=== Exercise ===
Keep the text of the data exactly as it is and omit each picture from the copy.

-------- Extracted entries --------

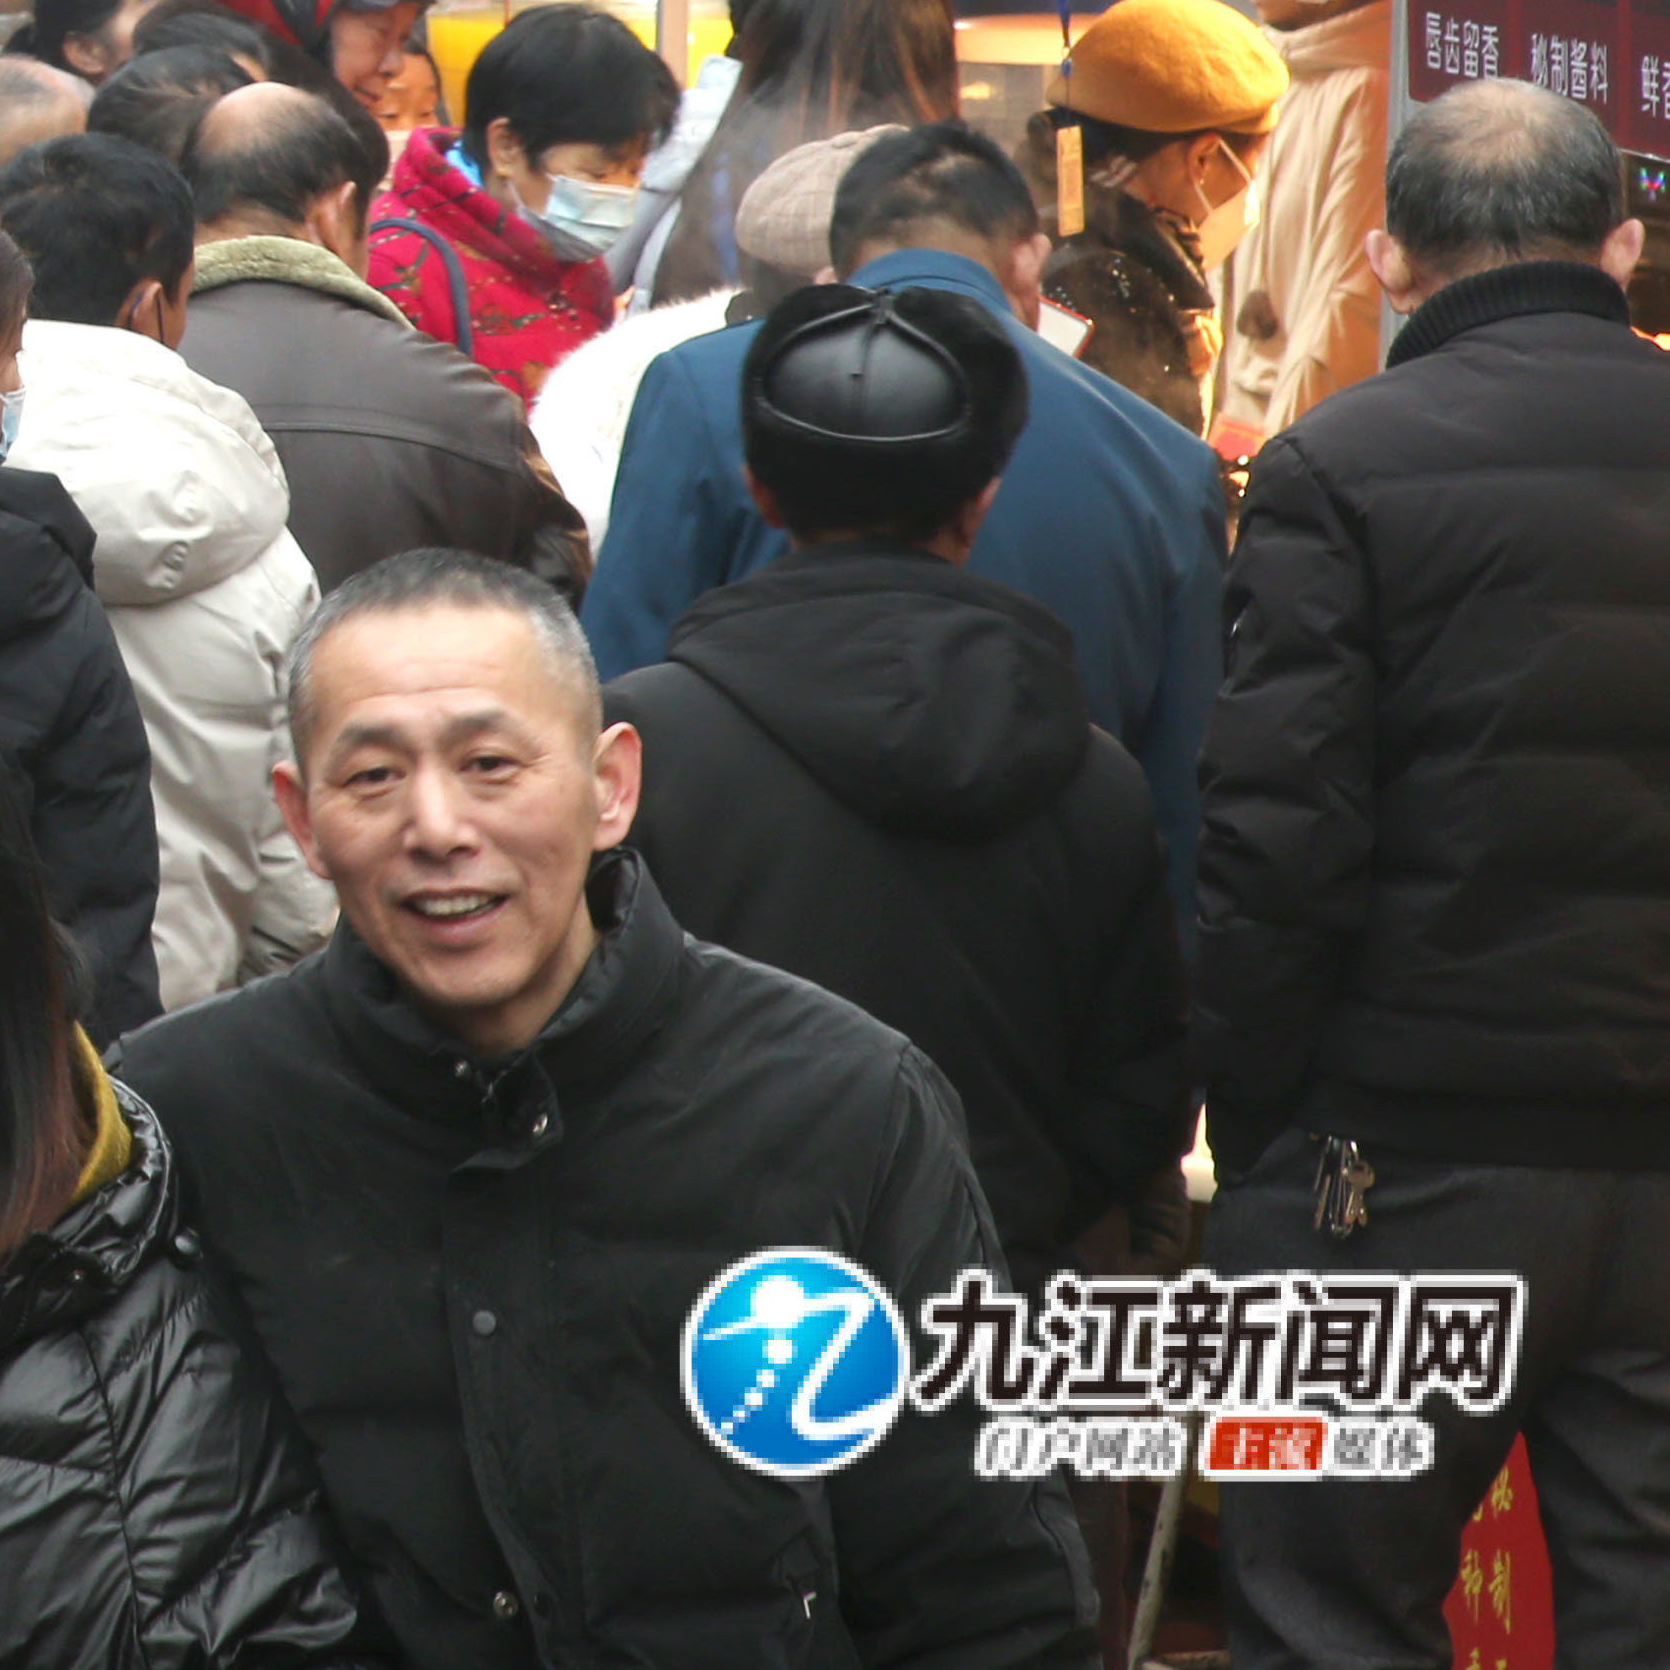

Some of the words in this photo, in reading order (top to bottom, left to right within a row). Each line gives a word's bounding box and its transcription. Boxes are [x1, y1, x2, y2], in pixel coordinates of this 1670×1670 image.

[1425, 11, 1499, 80] 唇齿留香
[1530, 32, 1608, 105] 秘制酱料
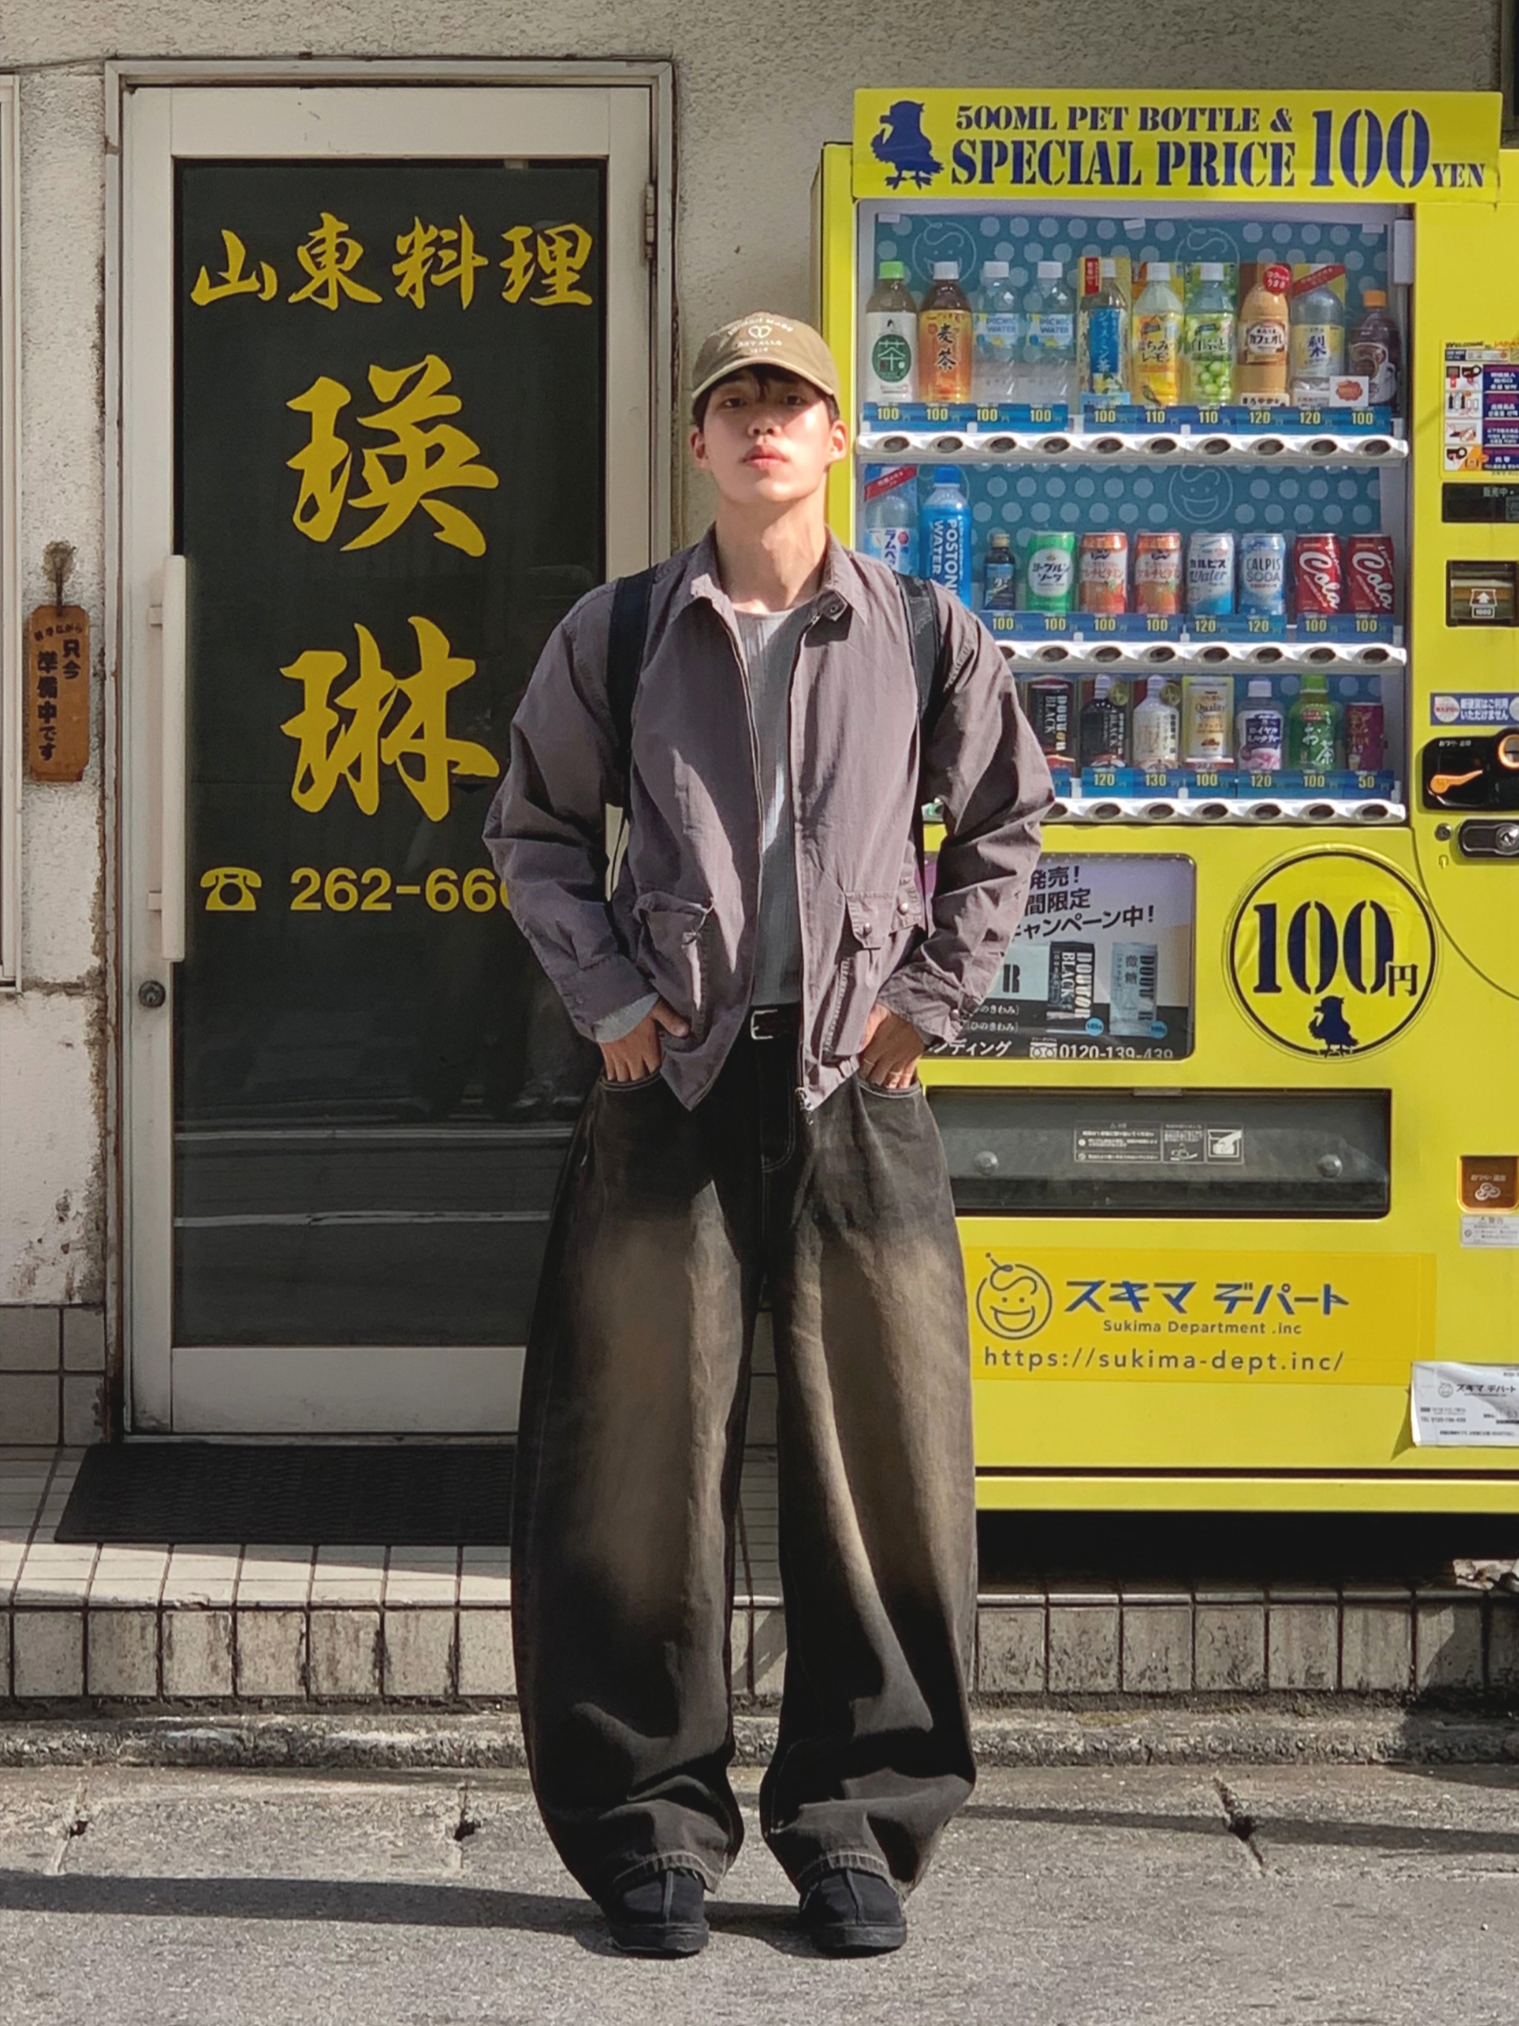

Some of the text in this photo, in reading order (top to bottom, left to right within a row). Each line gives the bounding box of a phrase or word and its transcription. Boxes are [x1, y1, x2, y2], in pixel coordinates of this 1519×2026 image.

[955, 106, 1293, 133] 500ML PET BOTTLE &
[950, 108, 1486, 189] SPECIAL PRICE 100 YEN
[190, 212, 593, 311] 山東料理
[937, 322, 957, 372] 麦茶
[877, 339, 906, 372] 茶
[877, 407, 900, 421] 100
[926, 408, 949, 421] 100
[976, 409, 998, 422] 100
[1030, 409, 1052, 422] 100
[1094, 410, 1116, 423] 100
[1145, 410, 1166, 424] 110
[1198, 410, 1219, 424] 110
[1249, 411, 1271, 425] 120
[1300, 411, 1322, 425] 120
[1352, 411, 1374, 425] 100
[932, 520, 944, 575] WATER
[1246, 557, 1281, 571] CALPIS
[1246, 571, 1281, 582] SODA
[1299, 551, 1341, 610] Cola
[1352, 551, 1393, 610] Cola
[992, 617, 1014, 631] 100
[1044, 618, 1066, 631] 100
[1094, 618, 1116, 631] 100
[1147, 618, 1169, 632] 100
[1195, 619, 1216, 633] 120
[1248, 619, 1270, 633] 120
[1305, 619, 1327, 632] 100
[1355, 619, 1377, 632] 100
[62, 638, 82, 680] 只今
[36, 650, 58, 762] 準備中です
[1044, 695, 1057, 735] BLACK
[1093, 773, 1115, 787] 120
[1145, 773, 1167, 787] 130
[1196, 773, 1218, 787] 100
[1250, 774, 1272, 788] 120
[1303, 775, 1325, 788] 100
[1358, 775, 1375, 789] 50
[290, 867, 510, 913] 262-66
[1060, 951, 1076, 998] BLACK
[1074, 951, 1093, 1019] DOUTOR
[1063, 1279, 1350, 1316] スキマ デパート
[1102, 1318, 1303, 1335] Sukima Department .inc
[984, 1346, 1345, 1375] https://sukima-dept.inc/

--------

=== Exercise answer ===
Some of the words in this photo, in reading order (top to bottom, left to right within a row). Each line gives a word's bounding box and its transcription. Boxes are [x1, y1, x2, y2], in pixel coordinates of this 1670×1670 image.

[1425, 11, 1499, 80] 唇齿留香
[1530, 32, 1608, 105] 秘制酱料

Some of the text in this photo, in reading order (top to bottom, left to right within a row). Each line gives the bounding box of a phrase or word and its transcription. Boxes are [x1, y1, x2, y2], in pixel coordinates of this 1519×2026 image.

[955, 106, 1293, 133] 500ML PET BOTTLE &
[950, 108, 1486, 189] SPECIAL PRICE 100 YEN
[190, 212, 593, 311] 山東料理
[937, 322, 957, 372] 麦茶
[877, 339, 906, 372] 茶
[877, 407, 900, 421] 100
[926, 408, 949, 421] 100
[976, 409, 998, 422] 100
[1030, 409, 1052, 422] 100
[1094, 410, 1116, 423] 100
[1145, 410, 1166, 424] 110
[1198, 410, 1219, 424] 110
[1249, 411, 1271, 425] 120
[1300, 411, 1322, 425] 120
[1352, 411, 1374, 425] 100
[932, 520, 944, 575] WATER
[1246, 557, 1281, 571] CALPIS
[1246, 571, 1281, 582] SODA
[1299, 551, 1341, 610] Cola
[1352, 551, 1393, 610] Cola
[992, 617, 1014, 631] 100
[1044, 618, 1066, 631] 100
[1094, 618, 1116, 631] 100
[1147, 618, 1169, 632] 100
[1195, 619, 1216, 633] 120
[1248, 619, 1270, 633] 120
[1305, 619, 1327, 632] 100
[1355, 619, 1377, 632] 100
[62, 638, 82, 680] 只今
[36, 650, 58, 762] 準備中です
[1044, 695, 1057, 735] BLACK
[1093, 773, 1115, 787] 120
[1145, 773, 1167, 787] 130
[1196, 773, 1218, 787] 100
[1250, 774, 1272, 788] 120
[1303, 775, 1325, 788] 100
[1358, 775, 1375, 789] 50
[290, 867, 510, 913] 262-66
[1060, 951, 1076, 998] BLACK
[1074, 951, 1093, 1019] DOUTOR
[1063, 1279, 1350, 1316] スキマ デパート
[1102, 1318, 1303, 1335] Sukima Department .inc
[984, 1346, 1345, 1375] https://sukima-dept.inc/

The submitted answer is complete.